Text-to-region grounding data:
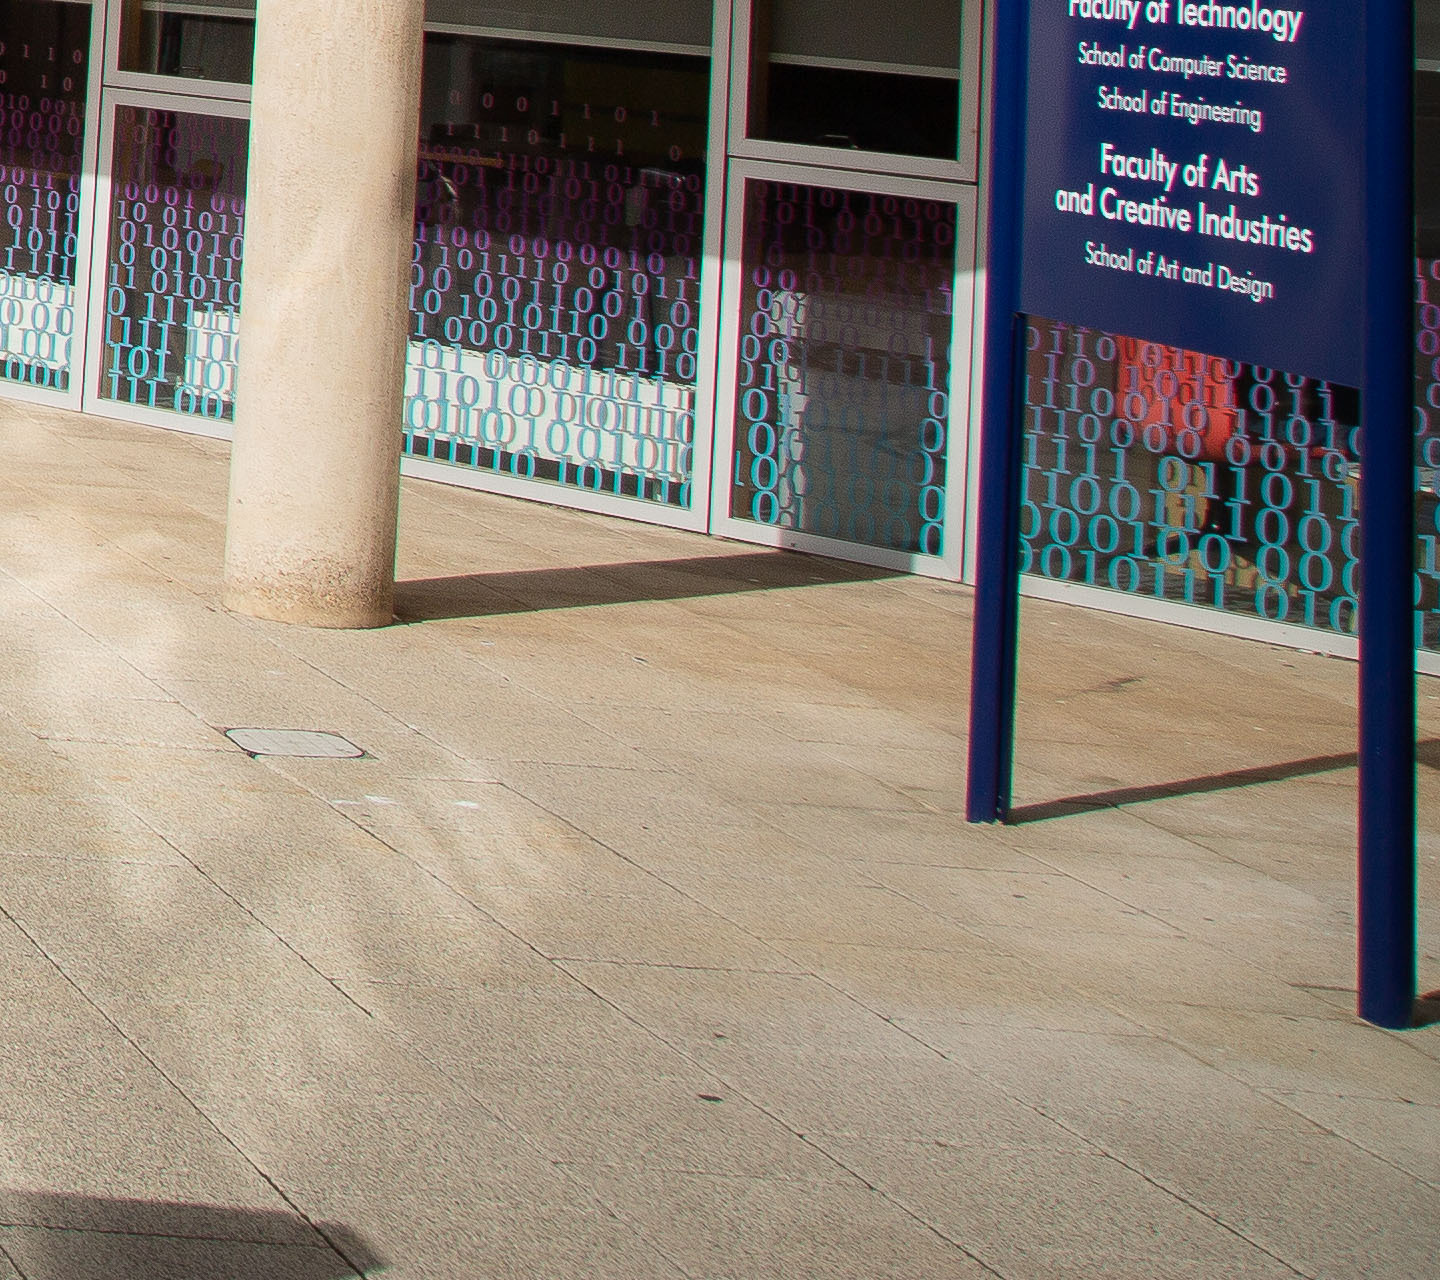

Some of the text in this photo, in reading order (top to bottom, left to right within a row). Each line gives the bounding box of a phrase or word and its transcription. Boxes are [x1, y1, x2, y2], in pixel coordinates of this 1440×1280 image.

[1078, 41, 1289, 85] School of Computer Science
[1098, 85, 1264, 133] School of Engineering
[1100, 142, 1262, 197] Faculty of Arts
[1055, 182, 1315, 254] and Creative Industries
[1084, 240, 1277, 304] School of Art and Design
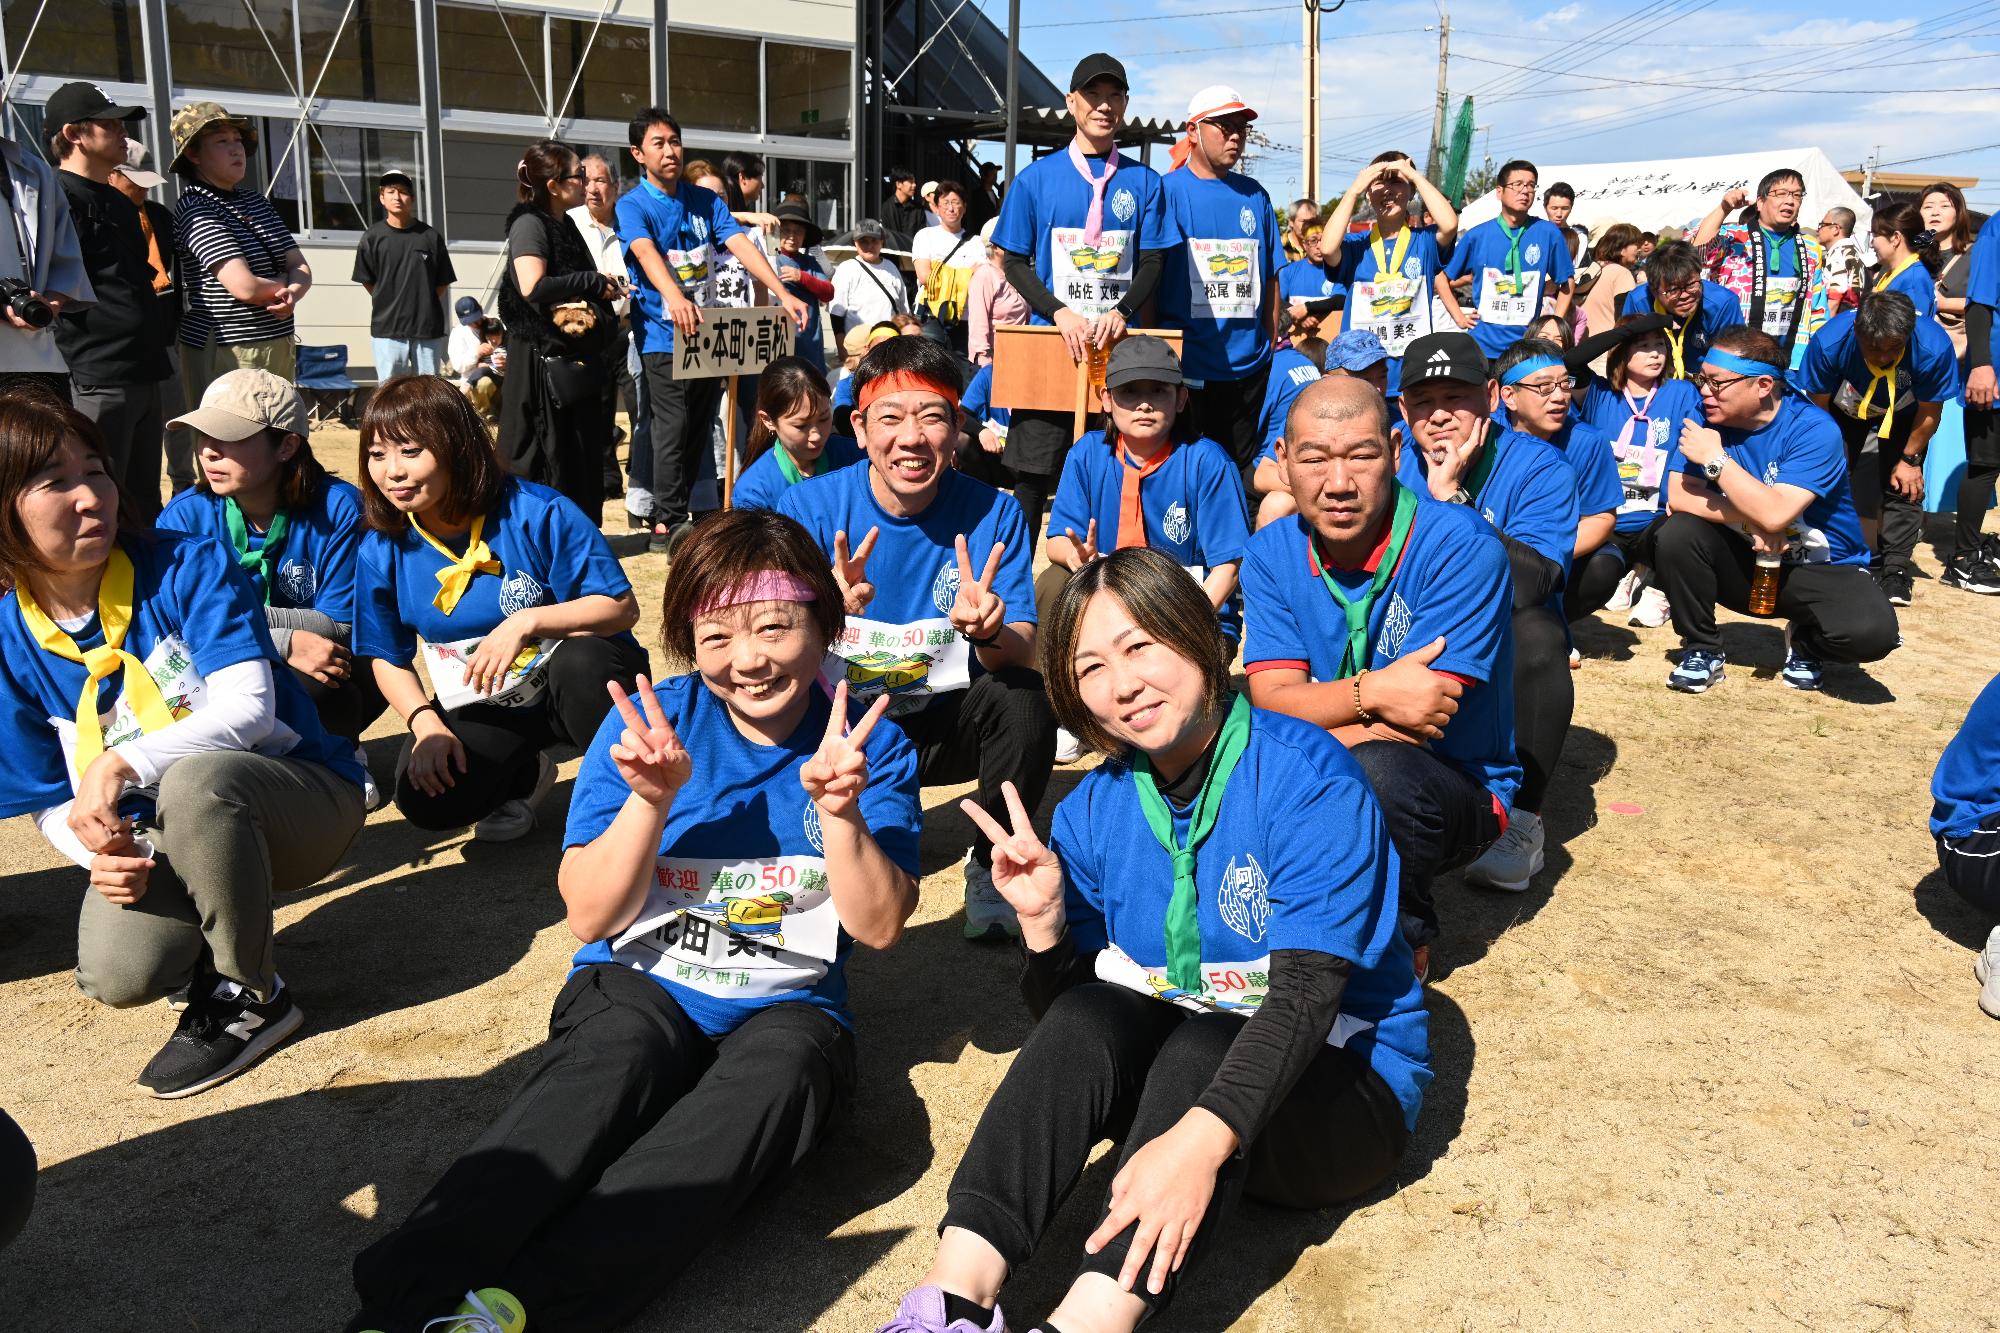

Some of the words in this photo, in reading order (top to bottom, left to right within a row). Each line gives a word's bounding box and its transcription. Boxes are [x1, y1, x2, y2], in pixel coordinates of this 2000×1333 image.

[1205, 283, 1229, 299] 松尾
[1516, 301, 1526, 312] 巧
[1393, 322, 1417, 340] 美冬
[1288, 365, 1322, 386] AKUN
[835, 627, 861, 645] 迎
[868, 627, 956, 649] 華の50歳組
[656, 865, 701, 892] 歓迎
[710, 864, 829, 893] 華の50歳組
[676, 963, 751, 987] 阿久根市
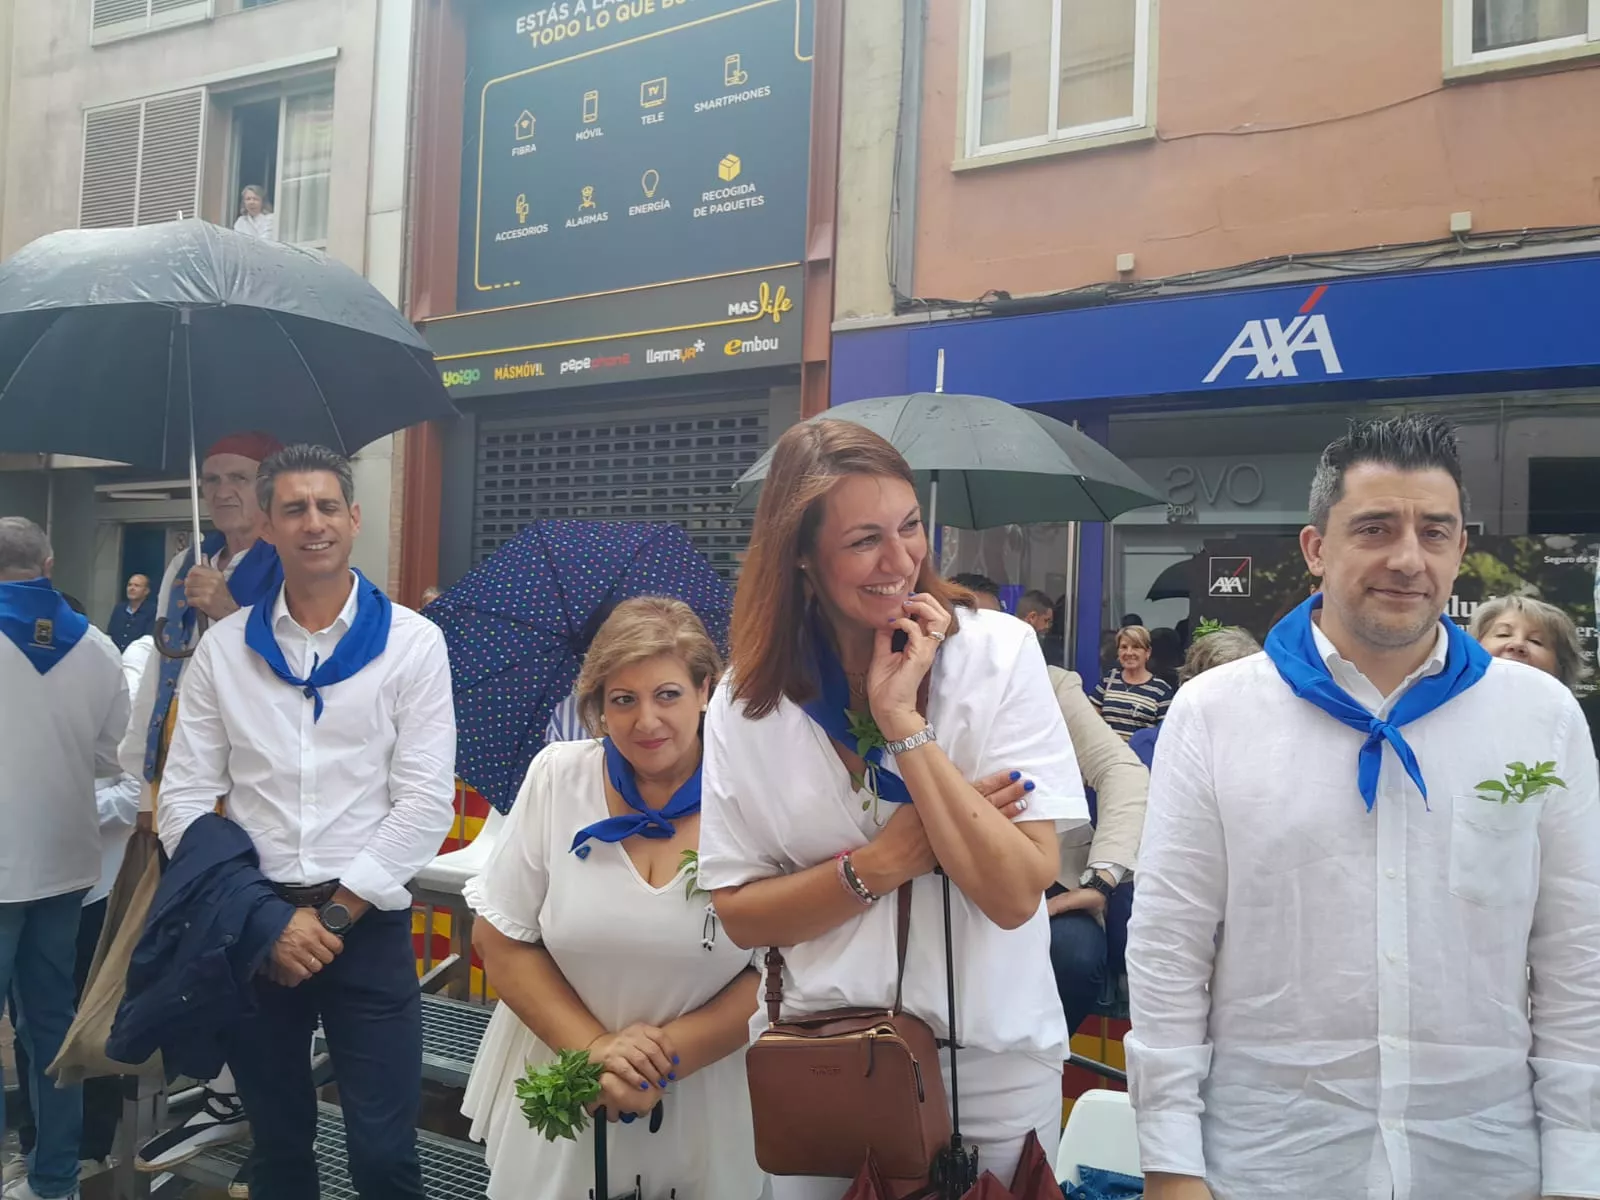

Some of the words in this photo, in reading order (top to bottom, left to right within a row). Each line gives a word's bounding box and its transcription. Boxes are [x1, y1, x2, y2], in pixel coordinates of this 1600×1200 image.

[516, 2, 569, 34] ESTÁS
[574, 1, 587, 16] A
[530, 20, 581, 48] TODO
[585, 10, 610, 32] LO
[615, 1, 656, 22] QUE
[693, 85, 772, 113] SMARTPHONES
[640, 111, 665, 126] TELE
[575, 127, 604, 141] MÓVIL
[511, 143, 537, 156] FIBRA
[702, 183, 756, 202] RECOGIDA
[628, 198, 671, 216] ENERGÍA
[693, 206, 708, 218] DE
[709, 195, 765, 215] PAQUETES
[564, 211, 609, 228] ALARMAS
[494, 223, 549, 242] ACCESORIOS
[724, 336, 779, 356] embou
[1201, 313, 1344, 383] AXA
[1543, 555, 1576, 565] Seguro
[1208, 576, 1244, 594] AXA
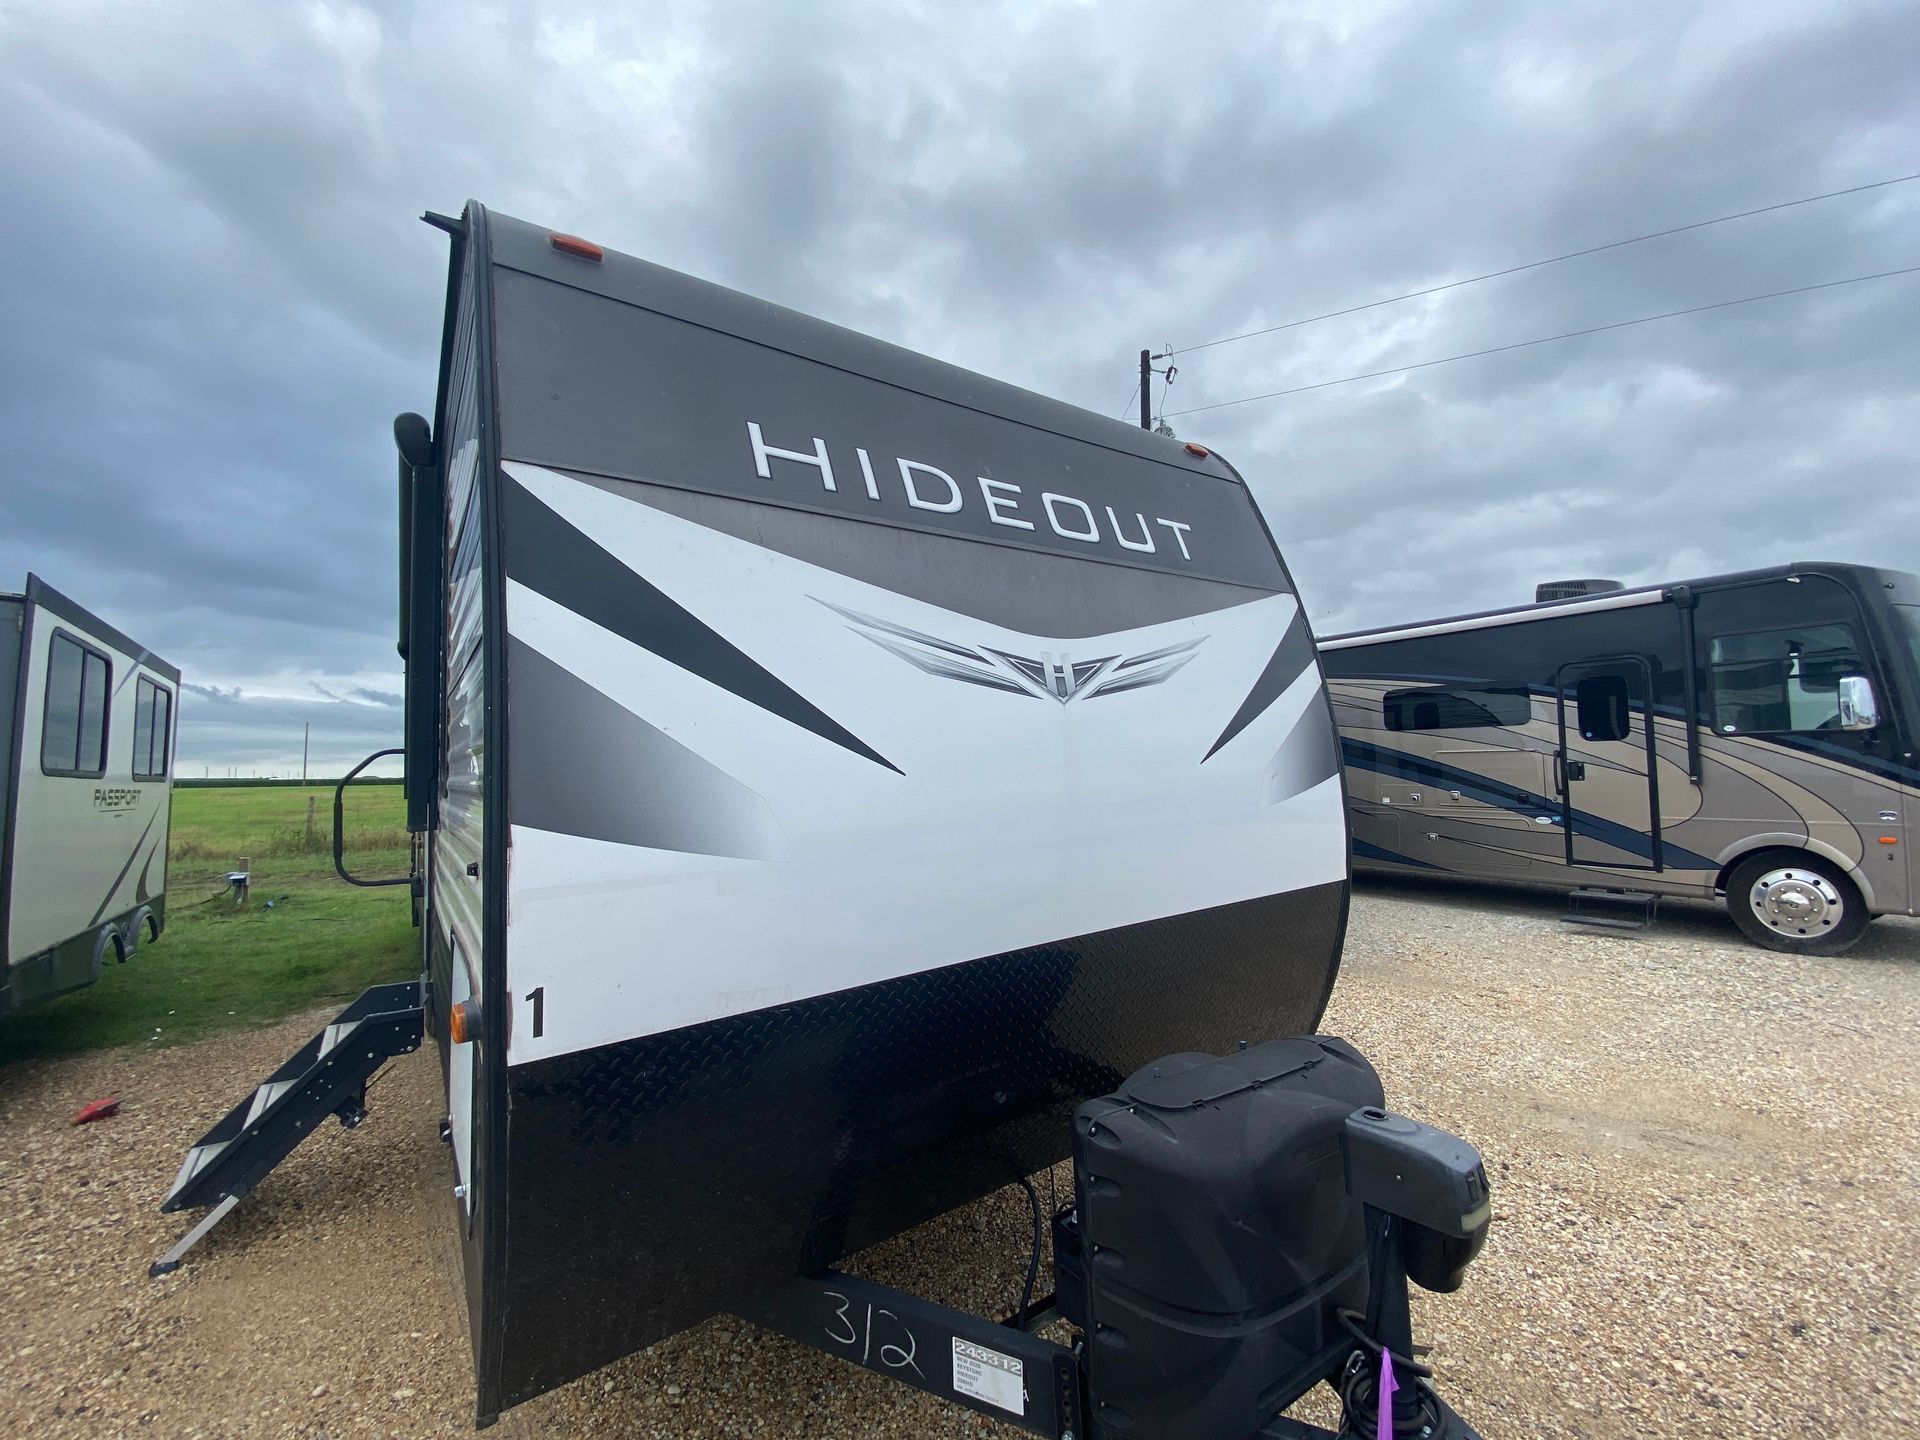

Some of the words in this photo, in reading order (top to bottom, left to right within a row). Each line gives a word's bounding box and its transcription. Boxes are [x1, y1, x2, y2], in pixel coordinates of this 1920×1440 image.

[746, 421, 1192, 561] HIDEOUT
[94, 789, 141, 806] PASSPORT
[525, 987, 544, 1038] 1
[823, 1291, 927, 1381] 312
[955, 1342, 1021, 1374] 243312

◆ **Directions for this task**
Retype, word for word, the line containing "this 1600×1200 image." and each line after it through the end of the data, leaving any picture out.

◆ **Answer box**
Some of the words in this photo, in reading order (top to bottom, left to right within a row). Each line gives a word's bounding box and its transcription. Boxes are [x1, y1, x2, y2], in pixel coordinates of this 1600×1200 image.

[516, 2, 569, 34] ESTÁS
[574, 1, 587, 16] A
[530, 20, 581, 48] TODO
[585, 10, 610, 32] LO
[615, 1, 656, 22] QUE
[693, 85, 772, 113] SMARTPHONES
[640, 111, 665, 126] TELE
[575, 127, 604, 141] MÓVIL
[511, 143, 537, 156] FIBRA
[702, 183, 756, 202] RECOGIDA
[628, 198, 671, 216] ENERGÍA
[693, 206, 708, 218] DE
[709, 195, 765, 215] PAQUETES
[564, 211, 609, 228] ALARMAS
[494, 223, 549, 242] ACCESORIOS
[724, 336, 779, 356] embou
[1201, 313, 1344, 383] AXA
[1543, 555, 1576, 565] Seguro
[1208, 576, 1244, 594] AXA

Some of the words in this photo, in reading order (top to bottom, left to right within a row). Each line gives a word's bounding box and its transcription. Boxes are [x1, y1, x2, y2], in pixel coordinates of this 1920×1440 image.

[746, 421, 1192, 561] HIDEOUT
[94, 789, 141, 806] PASSPORT
[525, 987, 544, 1038] 1
[823, 1291, 927, 1381] 312
[955, 1342, 1021, 1374] 243312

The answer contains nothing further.